[Given entries]
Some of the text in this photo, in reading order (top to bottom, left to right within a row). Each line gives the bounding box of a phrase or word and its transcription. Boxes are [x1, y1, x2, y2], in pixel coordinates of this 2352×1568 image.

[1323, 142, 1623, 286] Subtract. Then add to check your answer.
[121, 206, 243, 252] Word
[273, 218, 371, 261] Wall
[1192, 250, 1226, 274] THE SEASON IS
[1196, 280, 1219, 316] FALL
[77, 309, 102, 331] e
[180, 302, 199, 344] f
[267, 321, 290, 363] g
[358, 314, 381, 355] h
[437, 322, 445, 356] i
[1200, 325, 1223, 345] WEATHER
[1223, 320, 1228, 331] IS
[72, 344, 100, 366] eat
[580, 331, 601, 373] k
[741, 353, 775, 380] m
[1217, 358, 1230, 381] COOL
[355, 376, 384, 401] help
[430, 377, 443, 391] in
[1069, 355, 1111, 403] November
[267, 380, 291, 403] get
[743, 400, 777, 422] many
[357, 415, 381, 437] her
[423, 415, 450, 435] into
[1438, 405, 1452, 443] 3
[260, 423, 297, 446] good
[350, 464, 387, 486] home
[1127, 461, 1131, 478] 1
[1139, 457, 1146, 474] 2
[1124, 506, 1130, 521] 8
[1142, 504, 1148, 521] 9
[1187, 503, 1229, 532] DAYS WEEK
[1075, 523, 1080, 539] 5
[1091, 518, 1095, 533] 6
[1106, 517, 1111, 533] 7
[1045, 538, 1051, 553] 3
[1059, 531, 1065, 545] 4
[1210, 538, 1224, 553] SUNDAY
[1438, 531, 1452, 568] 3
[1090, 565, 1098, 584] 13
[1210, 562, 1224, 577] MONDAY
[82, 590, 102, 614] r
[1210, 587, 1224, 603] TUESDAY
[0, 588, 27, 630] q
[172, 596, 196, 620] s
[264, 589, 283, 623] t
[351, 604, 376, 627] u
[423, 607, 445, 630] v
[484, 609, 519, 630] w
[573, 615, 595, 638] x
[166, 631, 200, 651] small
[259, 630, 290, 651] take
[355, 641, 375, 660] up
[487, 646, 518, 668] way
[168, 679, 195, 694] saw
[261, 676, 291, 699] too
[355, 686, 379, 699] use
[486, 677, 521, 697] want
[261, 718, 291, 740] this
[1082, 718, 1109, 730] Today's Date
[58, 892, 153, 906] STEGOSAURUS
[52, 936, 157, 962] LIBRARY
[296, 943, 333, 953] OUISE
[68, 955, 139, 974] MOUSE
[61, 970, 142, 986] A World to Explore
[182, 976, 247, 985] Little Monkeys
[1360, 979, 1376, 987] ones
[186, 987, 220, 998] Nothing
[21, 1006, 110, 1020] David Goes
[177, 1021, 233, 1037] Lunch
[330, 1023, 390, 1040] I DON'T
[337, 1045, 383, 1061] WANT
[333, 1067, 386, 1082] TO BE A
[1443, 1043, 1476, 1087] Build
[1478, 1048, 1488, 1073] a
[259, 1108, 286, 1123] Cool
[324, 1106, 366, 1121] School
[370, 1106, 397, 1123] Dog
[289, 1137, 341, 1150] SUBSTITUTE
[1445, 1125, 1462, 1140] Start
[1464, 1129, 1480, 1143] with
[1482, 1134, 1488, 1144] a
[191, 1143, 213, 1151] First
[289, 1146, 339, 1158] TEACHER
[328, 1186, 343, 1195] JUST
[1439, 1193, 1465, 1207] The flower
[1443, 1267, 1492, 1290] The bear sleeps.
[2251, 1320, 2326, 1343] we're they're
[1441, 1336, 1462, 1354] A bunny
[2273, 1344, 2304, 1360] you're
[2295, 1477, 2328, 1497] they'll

[Problem requirements] If a line in the material above contains "this", show that line.

[Problem solution]
Some of the text in this photo, in reading order (top to bottom, left to right within a row). Each line gives the bounding box of a phrase or word and its transcription. Boxes are [x1, y1, x2, y2], in pixel coordinates of this 2352×1568 image.
[261, 718, 291, 740] this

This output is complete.